グラウンド・オルタナス

N.F

第1話 メタバース時代の到来

「God does not play dice with the universe.(神はサイコロを振らない)、アルベルト・アインシュタインはそう言いました。今から100年前のことです。皆さんもきっとご存じでしょう。あまりにも有名な言葉です」


 男が壇上に立っている。


「量子力学について、同科学の父・ボーアとは見解が相違していました。20世紀最大の天才は、当然ながら相対性理論だけの人物ではありません。先程の言葉を簡潔に説明すると、物事は確率論的に起こるものではないと、EPR(アインシュタイン・ポドルスキ・ローゼン)は主張したのです。量子力学では一方が確定した時点でもう一方も確定する、『量子エンタングルメント』という事象が起きます。

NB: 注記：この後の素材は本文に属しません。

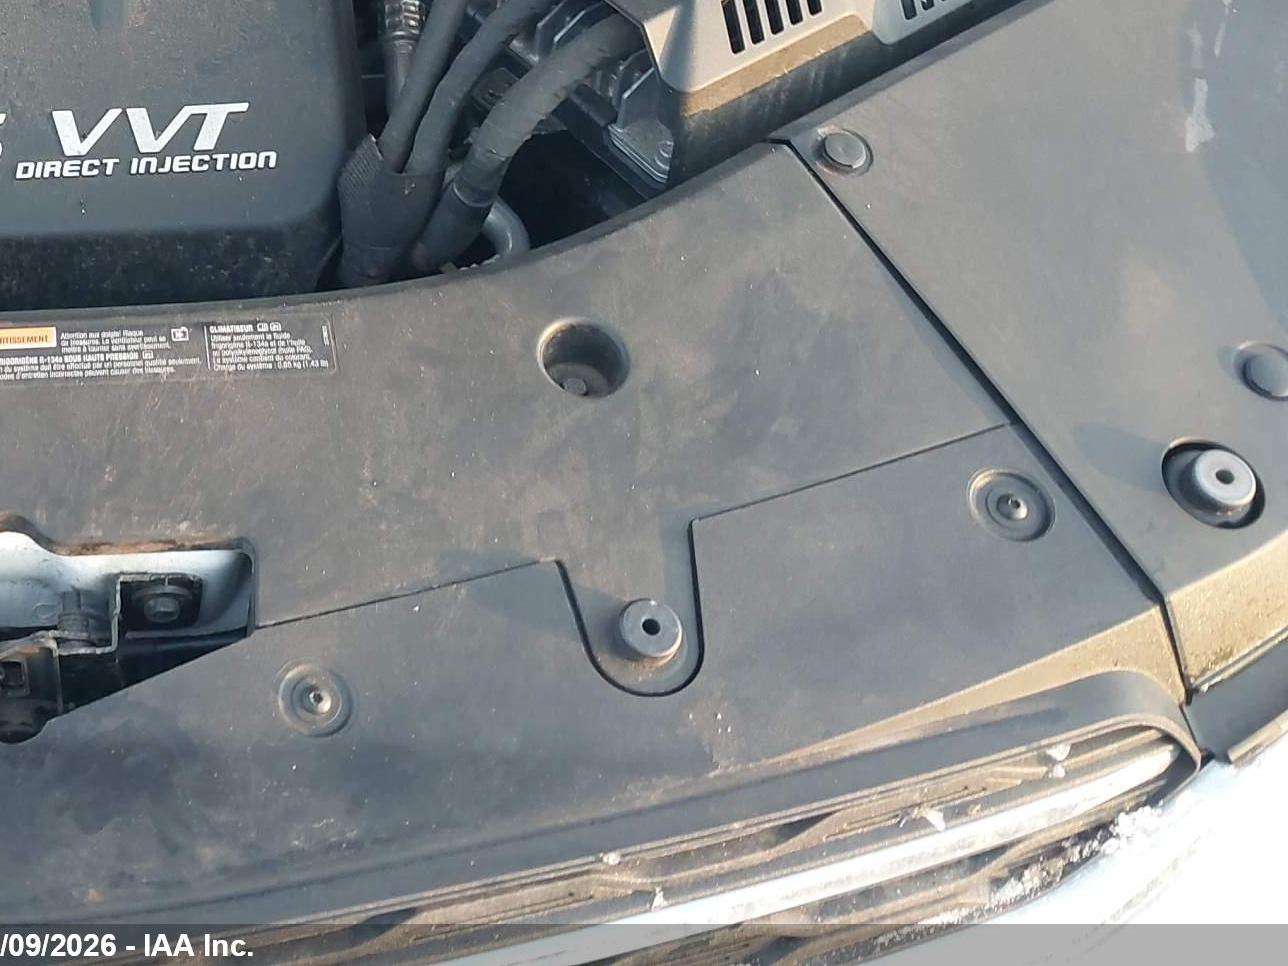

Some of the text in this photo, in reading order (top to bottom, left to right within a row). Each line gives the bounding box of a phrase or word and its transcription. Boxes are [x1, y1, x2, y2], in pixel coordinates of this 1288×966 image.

[51, 102, 249, 157] VVT
[15, 150, 278, 180] DIRECT INJECTION
[210, 324, 253, 333] CLIMATISEUR

Åの箱に物が入っていればBの箱には入っていない。Aの箱に物が入っていなければBの箱に入っている。物がどちらに入っているかは蓋を開けてみるまで分からない、それが現在も主流とされる確率論であり、この見解が量子力学の『過程』と言う者と『最終結論』と言う者に分かれます。


少なくとも、アインシュタインは確率論を『結論』とは考えなかった。数々の事象を科学と計算により解明してきた彼にとって、蓋を開けてみなければ分からないという、サイコロを振るような曖昧さで物事が決定してはならなかったのです。『神はサイコロを振らない』という言葉は、アインシュタインの学者としての誇り・あるいは実績が言わせたのです――。


 遂にアインシュタインは、確率論を覆せずこの世を去りました。プリンストンの病院で、1955年4月18日。世界大戦が終結してから僅か10年後でした」


 聴衆は固唾を飲んでいる。


「ですが皆さん。こう考えてみてはいかがでしょうか? この世界の神はサイコロを振っている、つまりその程度の粗雑さで世界の運命を決めている。その理論を逆説的に捉えれば、神ですら世界の運命を確定出来ないということではないでしょうか?」


 観客席から声援が飛ぶ。場内が熱を帯びてきた。


「それならば、我々が神になろうではありませんか! いや、神とまでは言いません。我々の運命は、人生は、自分達で決めようではありませんか! 


神はサイコロを振らない! アインシュタインが言った通り、我々は賽を振る気軽さではなく、確固たる信念で、揺るがない決意で、この世界を創造しようではありませんか! 我々が世界の創造主となるのです!」


 スタンディングオベーション。


「我々が創造する『セカンド・エデン』。これぞ新世界です。前人未到の領域です。


 メタバースが世の中に浸透し始めてから、いくばくかの時間が流れました。メタバースは多くの人々に活力を与え、希望を抱かせ、悩みを解決し、世界を豊かにしました。


今後、メタバースはより大きな影響力を持つでしょう。世界を主導するでしょう。我々はその先駆者となり、皆様はその当事者となるのです!


さあ、皆さん! 新時代の到来です! 我々の手で、世界を導きましょう! 我々の未来は小さな六面体ではなく、我々自身の采配で決定するのです!」


 オーディエンスの歓声は、いつまでも鳴り止まなかった。